El místico aragonés «cancelado» por escribir demasiado raro
Miguel de Molinos nació en 1628 en Muniesa, un pequeño municipio de Teruel que difícilmente podía prever que uno de sus habitantes se convertiría en una figura influyente en la espiritualidad europea del siglo XVII. Su trayectoria, brillante primero y trágica después, es uno de los episodios más reveladores de cómo la Iglesia católica gestionó las tensiones internas durante la época barroca. Molinos se formó en Valencia y muy pronto destacó por su inteligencia además de tener una profunda inclinación hacia la vida espiritual. A mediados del siglo se trasladó a Roma, en aquella época el mayor centro religioso y cultural del catolicismo. Allí entró en contacto con círculos intelectuales, confesores influyentes y comunidades religiosas que buscaban nuevas formas de oración. El ambiente romano, vibrante y competitivo, favoreció que su estilo claramente introspectivo encontrara seguidores entre cardenales, nobles y monjas… aunque también alimentó recelos.
En 1675 publicó su obra más relevante, la Guía espiritual. Este libro proponía un camino hacia Dios basado en la quietud interior, el silencio de las potencias del alma y el abandono radical a la acción divina. Su objetivo con el libro era alcanzar una unión directa con Dios sin la agitación emocional que caracterizaba a otras corrientes devocionales. Su lenguaje rico cargado de imágenes y paradojas, retomaba la tradición mística pero acentuaba una interiorización que muchos consideraron extrema. A día de hoy algunos jóvenes siguen preparando su TFG sobre este libro y la figura de Miguel.
Volvamos al libro, la Guía se difundió rápidamente por Europa y convirtió a Molinos en un referente espiritual. Pero en una Iglesia que, tras el Concilio de Trento, vigilaba con firmeza cualquier desviación doctrinal, su propuesta despertó inquietud. Algunos teólogos temían que la pasividad interior que defendía pudiera interpretarse como abandono moral o relajación en la práctica sacramental. Sus adversarios encontraron en este argumento un punto de apoyo para cuestionar públicamente su obra, ya estaba en el punto de mira.

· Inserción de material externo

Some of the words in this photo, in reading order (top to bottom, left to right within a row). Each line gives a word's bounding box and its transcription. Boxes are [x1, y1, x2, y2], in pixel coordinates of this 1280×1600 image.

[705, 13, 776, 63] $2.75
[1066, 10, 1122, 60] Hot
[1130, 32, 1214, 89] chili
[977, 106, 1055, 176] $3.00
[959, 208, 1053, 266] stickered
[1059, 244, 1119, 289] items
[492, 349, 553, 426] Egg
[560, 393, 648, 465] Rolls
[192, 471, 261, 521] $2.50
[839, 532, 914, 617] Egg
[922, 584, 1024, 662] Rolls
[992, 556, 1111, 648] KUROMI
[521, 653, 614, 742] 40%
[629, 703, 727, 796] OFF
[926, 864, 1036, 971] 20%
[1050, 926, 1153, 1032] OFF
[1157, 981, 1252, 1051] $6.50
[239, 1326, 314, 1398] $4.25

Las primeras pesquisas surgieron en 1681 y derivaron, cuatro años después, en un proceso formal de la Inquisición romana. Se recopilaron manuscritos, declaraciones y cartas, muchas de las cuales fueron leídas en clave acusatoria. El estilo ambiguo de ciertos pasajes de la Guía facilitó una interpretación que lo situaba en el territorio del quietismo, una etiqueta destinada a señalar cualquier corriente que pareciera minimizar el papel de la voluntad humana o la autoridad eclesiástica en el camino espiritual.
Condenado por la Inquisición
En 1687 Molinos fue condenado. Aceptó la sentencia para evitar penas mayores, pero fue recluido de por vida en una casa de la Inquisición… allí murió en 1696. Su obra fue prohibida, retirada de conventos y bibliotecas y relegada durante siglos al ámbito de la sospecha. Su nombre quedó asociado a un movimiento que, en gran parte, había sido definido a partir de su propia condena.

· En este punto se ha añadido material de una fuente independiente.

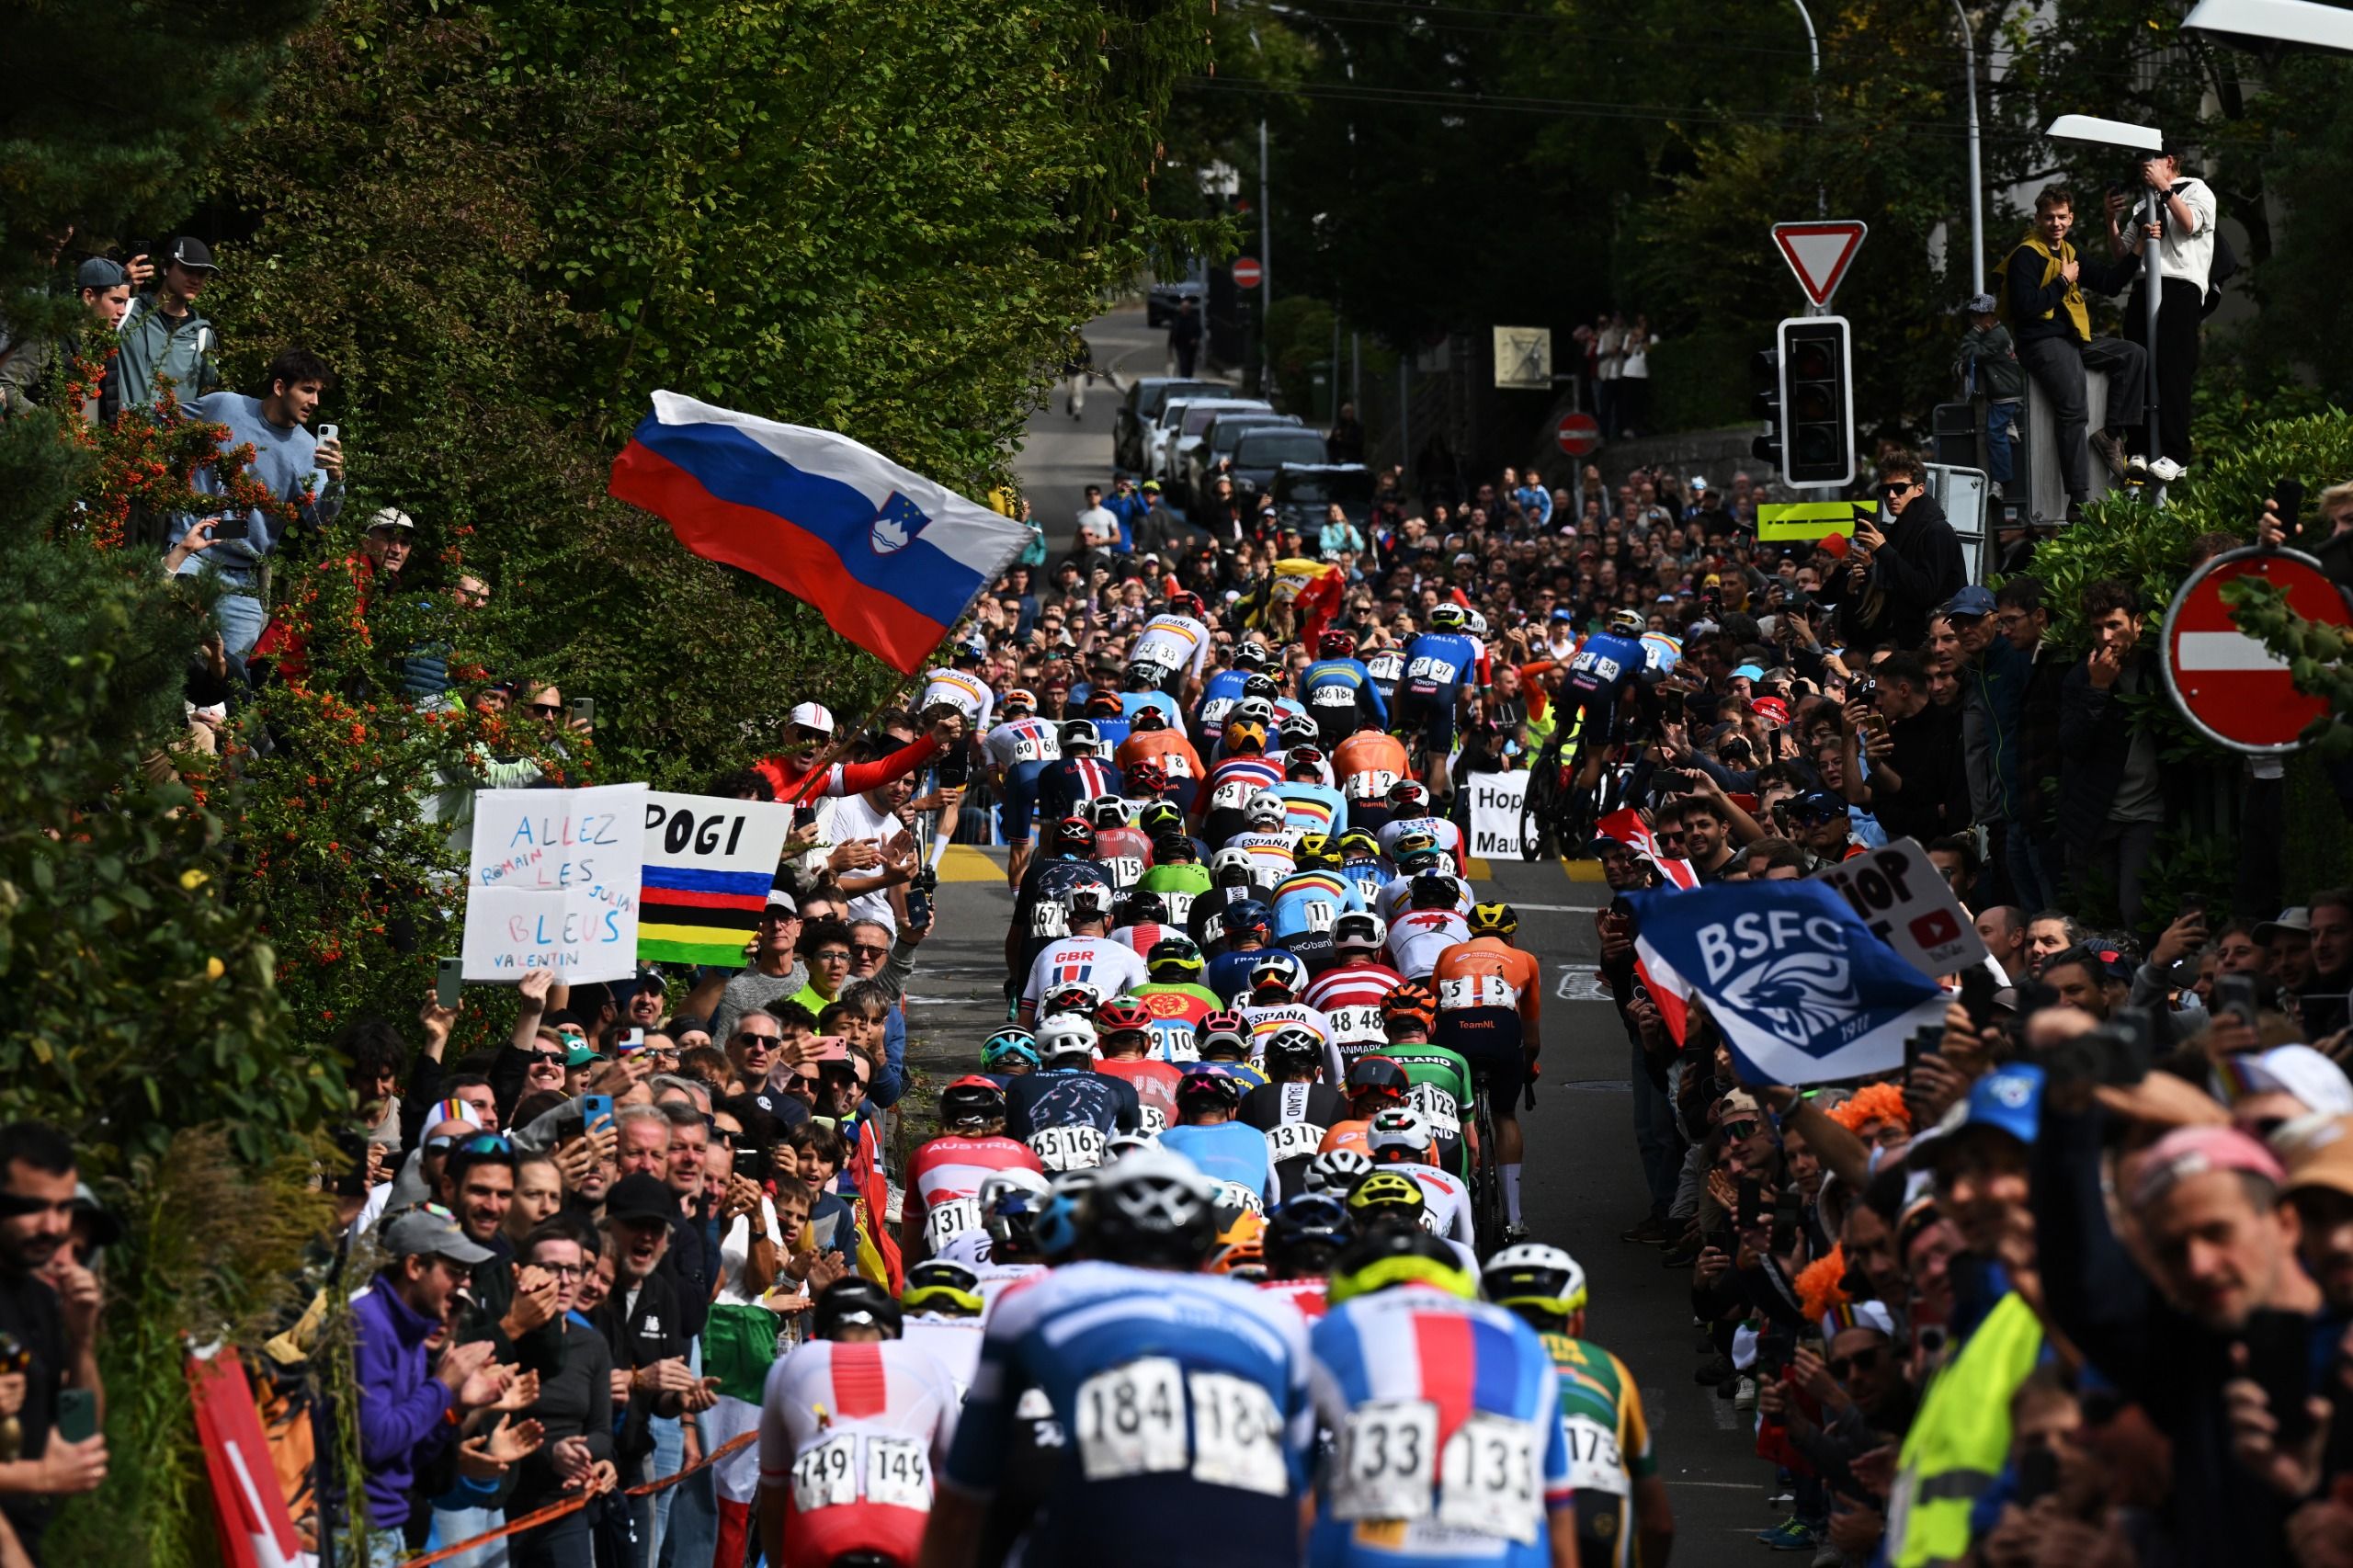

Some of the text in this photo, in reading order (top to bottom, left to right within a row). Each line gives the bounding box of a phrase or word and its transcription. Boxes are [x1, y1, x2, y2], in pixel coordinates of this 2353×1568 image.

[1162, 647, 1176, 661] 33
[1371, 660, 1385, 670] 89
[1413, 659, 1427, 670] 37
[1436, 664, 1449, 676] 37
[1602, 662, 1617, 675] 38
[1222, 676, 1246, 685] ITAL
[1415, 678, 1438, 687] TOYOTA
[1205, 702, 1220, 714] 39
[1017, 742, 1031, 755] 60
[1176, 756, 1184, 768] 8
[1382, 773, 1391, 787] 2
[1217, 784, 1233, 799] 95
[1479, 788, 1522, 813] Hop
[510, 812, 618, 848] ALLEZ
[645, 803, 746, 856] POGI
[1242, 837, 1290, 849] ESPAÑA
[1477, 832, 1539, 853] Mauo
[538, 858, 593, 886] LES
[588, 885, 638, 915] JULIAN
[1312, 903, 1329, 921] 11
[509, 910, 620, 946] BLEUS
[1697, 910, 1848, 985] BSFC
[494, 950, 579, 970] VALENTIN
[1055, 950, 1095, 963] GBR
[1234, 956, 1263, 965] FRAN
[1450, 981, 1461, 998] 5
[1495, 979, 1505, 995] 5
[1332, 1011, 1352, 1033] 48
[1359, 1010, 1383, 1030] 48
[1459, 1020, 1495, 1029] TeamNL
[1338, 1044, 1381, 1054] ANMARK
[1394, 1057, 1451, 1067] ELAND
[1429, 1089, 1456, 1119] 123
[926, 1141, 1022, 1154] AUSTRIA
[1067, 1131, 1101, 1154] 165
[931, 1207, 964, 1235] 131
[1091, 1380, 1173, 1444] 184
[1565, 1426, 1620, 1470] 173
[801, 1449, 847, 1487] 149
[879, 1449, 925, 1486] 149

La investigación histórica de las últimas décadas ha revisado con atención su caso. Hoy se considera que Molinos no pretendía subvertir la doctrina católica ni promover desórdenes morales, sino explorar un camino personal hacia la experiencia interior, hoy en día sería un bestseller, desde luego. Las acusaciones que pesaron sobre él responden tanto a tensiones teológicas de la época como a rivalidades dentro de la propia Iglesia, especialmente en un momento en el que la espiritualidad seguía siendo un terreno de fuerte control institucional.

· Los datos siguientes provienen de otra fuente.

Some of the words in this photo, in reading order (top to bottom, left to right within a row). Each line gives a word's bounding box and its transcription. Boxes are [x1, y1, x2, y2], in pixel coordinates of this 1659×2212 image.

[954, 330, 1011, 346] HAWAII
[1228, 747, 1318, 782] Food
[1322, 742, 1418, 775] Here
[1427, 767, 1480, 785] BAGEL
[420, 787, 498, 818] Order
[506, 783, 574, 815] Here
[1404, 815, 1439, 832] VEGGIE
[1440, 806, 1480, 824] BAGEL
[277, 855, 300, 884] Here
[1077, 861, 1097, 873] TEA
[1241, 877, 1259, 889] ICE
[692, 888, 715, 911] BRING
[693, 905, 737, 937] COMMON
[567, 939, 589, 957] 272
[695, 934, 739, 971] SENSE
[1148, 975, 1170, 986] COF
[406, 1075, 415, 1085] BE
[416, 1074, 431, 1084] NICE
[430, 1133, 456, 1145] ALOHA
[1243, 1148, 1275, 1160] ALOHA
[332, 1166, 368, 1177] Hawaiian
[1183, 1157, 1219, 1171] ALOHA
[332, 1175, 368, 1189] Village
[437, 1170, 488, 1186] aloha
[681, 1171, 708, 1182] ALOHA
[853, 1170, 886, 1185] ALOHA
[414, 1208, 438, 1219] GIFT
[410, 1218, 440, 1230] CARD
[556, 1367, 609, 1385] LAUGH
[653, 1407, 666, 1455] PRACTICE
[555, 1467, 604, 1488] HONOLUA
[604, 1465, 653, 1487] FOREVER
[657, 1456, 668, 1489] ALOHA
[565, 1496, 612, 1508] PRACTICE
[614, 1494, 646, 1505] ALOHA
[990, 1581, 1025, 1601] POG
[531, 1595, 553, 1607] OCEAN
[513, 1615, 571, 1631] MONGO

Su figura en el siglo XXI recupera un lugar más matizado en la historia. La lectura tranquila de su obra revela a un místico original, preocupado por la autenticidad interior antes que por la ostentación devocional. El destino que sufrió muestra cómo, en el Antiguo Régimen, bastaba un lenguaje poco convencional para activar mecanismos de represión muy severos.
La historia de Molinos invita también a mirar nuestro tiempo con cierta perspectiva. Hoy no existen tribunales inquisitoriales, pero sí formas rápidas de desautorizar o silenciar a quien se aparta de los discursos dominantes. Su caso recuerda que la condena social puede cambiar de forma, pero no de lógica. Ayer se articulaba desde instituciones que decidían qué era aceptable, hoy puede surgir de dinámicas colectivas que actúan con la misma contundencia y, a veces, con parecida falta de matices. Su vida nos advierte de que las sociedades, incluso las más abiertas, necesitan espacios donde la diferencia no sea motivo de persecución y donde el pensamiento singular encuentre un lugar más allá del juicio inmediato.